During lockdown, one Singapore office created a digital recipe portal, enabling colleagues to swap family cooking tips. “The younger women loved learning from the older cohort, while the ‘grandmothers’ felt newly empowered by technology and by the realisation that they still had so much to give.” Harriet’s message was simple yet profound: collaboration across ages breeds confidence, creativity, and progress.
Finally, Charlotte Figg, Co-Founder of Purdy & Figg, revealed how blending old wisdom with new energy can spark business success. Frustrated by the wastefulness of traditional cleaning products, she and Purdy Rubin looked to the past for inspiration, uncovering forgotten, natural cleaning methods. But it was when Purdy’s sons, Charlie and Jack, joined the business that things really took off, they brought fresh ideas, digital thinking, and the energy to build a manufacturing line from scratch when no UK supplier could be found.

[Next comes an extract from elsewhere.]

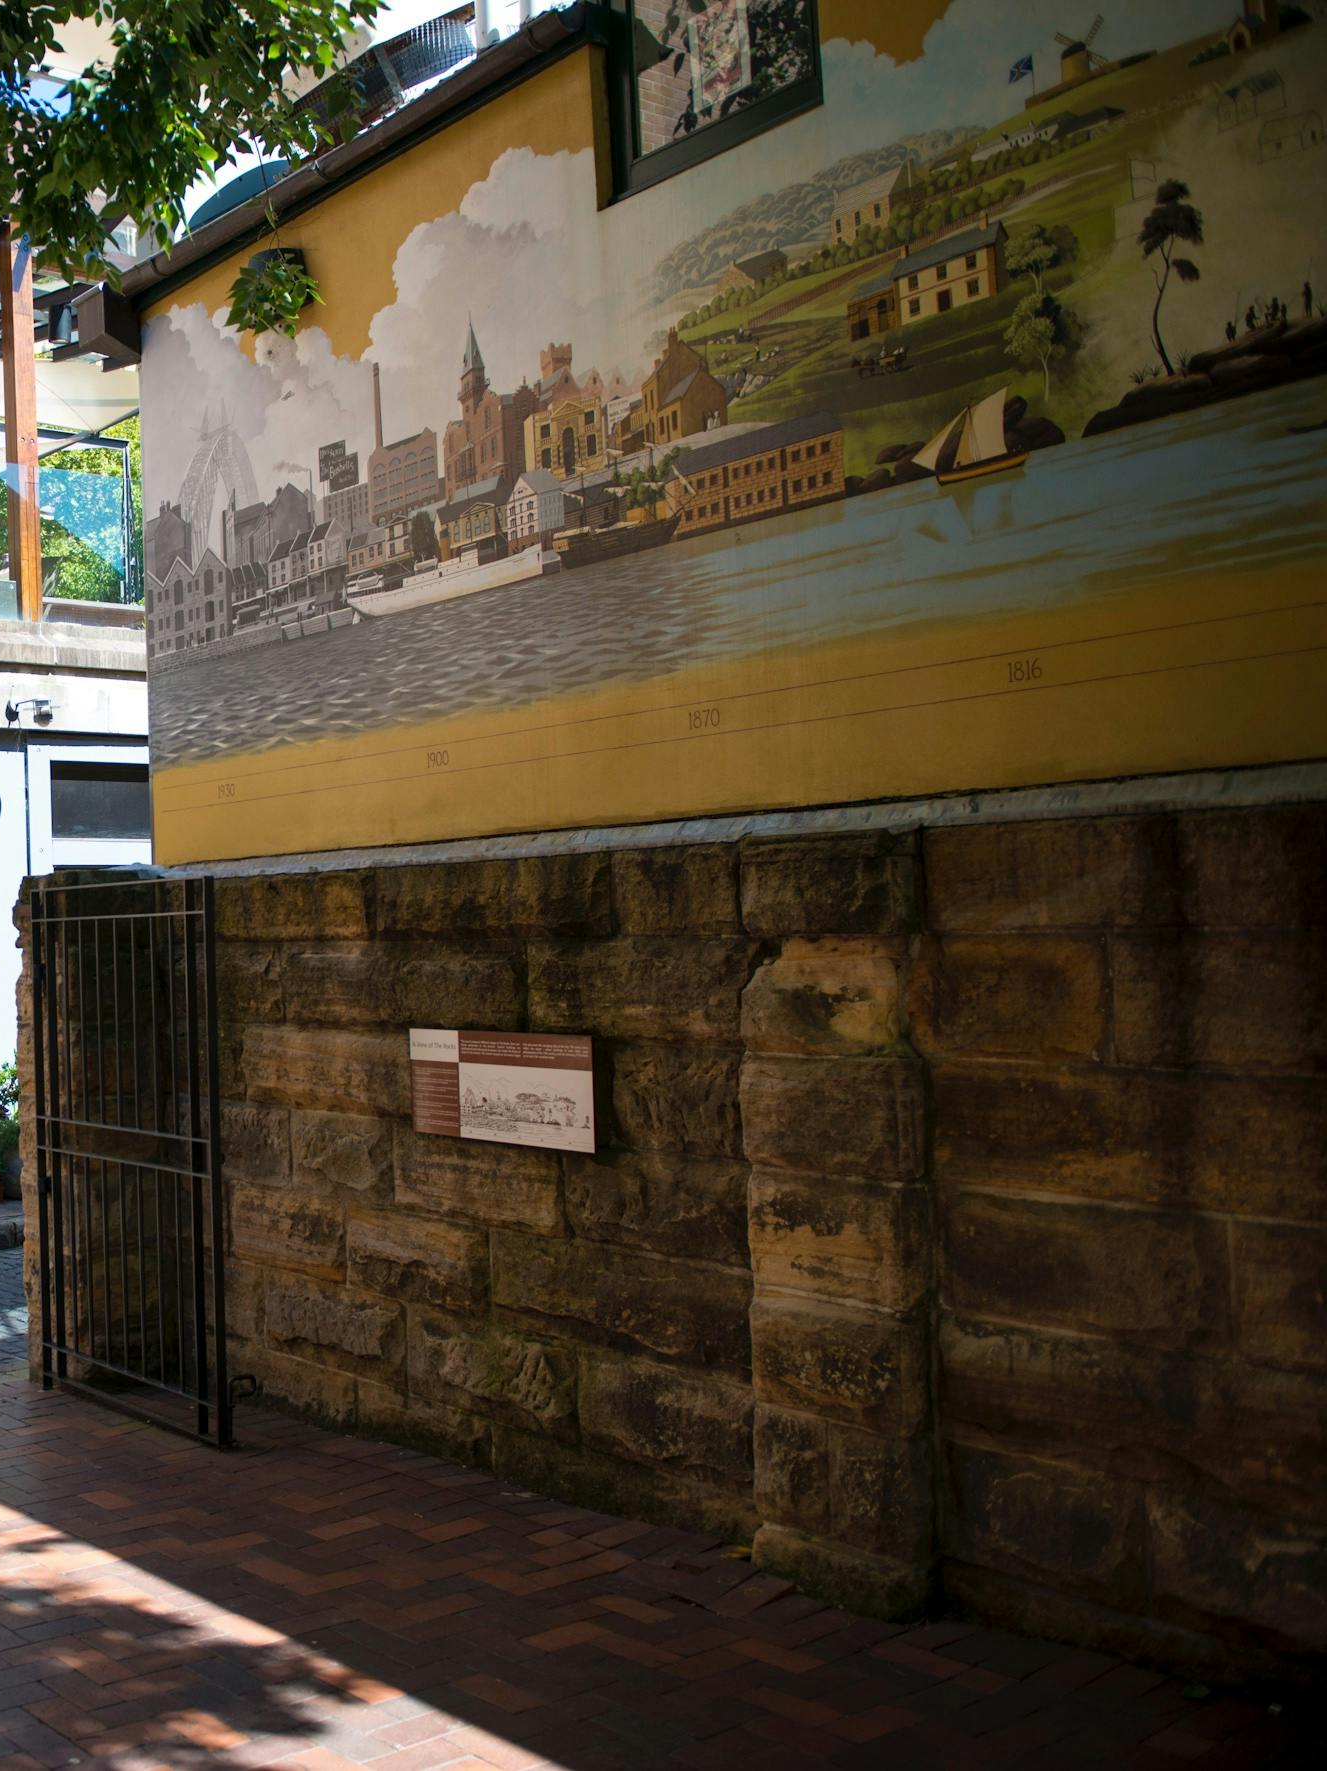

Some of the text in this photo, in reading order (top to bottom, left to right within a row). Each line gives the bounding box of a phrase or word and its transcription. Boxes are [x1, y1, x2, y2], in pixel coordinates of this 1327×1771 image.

Charlotte credits their success to mutual trust and the willingness to listen: “It’s about tradition and innovation, hand in hand.” Their story is proof that when generations collaborate, you get the best of both worlds, wisdom and disruption, roots and wings.
What resonated throughout the evening was this: every generation has something irreplaceable to offer. Youth brings boldness, invention, and hunger. Experience brings context, patience, and depth. Real progress, creative, cultural, and personal, depends on our willingness to listen, learn, and rise together.
When we share stories across generations, they become more than anecdotes; they become catalysts for change. That’s the message I want all creative thinkers to take away: the future is richer when we build it together, one conversation at a time.
Sairah Ashman is Global CEO of brand consultancy Wolff Olins, where she oversees the business direction across its offices in London, New York and San Francisco. She’s passionate about working with ambitious leaders to help their businesses become great brands in world, the kind of radical and category-defining brands that represent something special for the people who buy from them and the people who work for them. She works across a wide range of jobs, helping to push creativity and challenge the work internally. Sairah is an alumna of Harvard Business School and Goldsmiths University of London, where she recently completed a Masters in Digital Sociology. She’s also an active supporter of The House of St Barnabas, working to break the cycle of homelessness, and a regular TEDx host and speaker.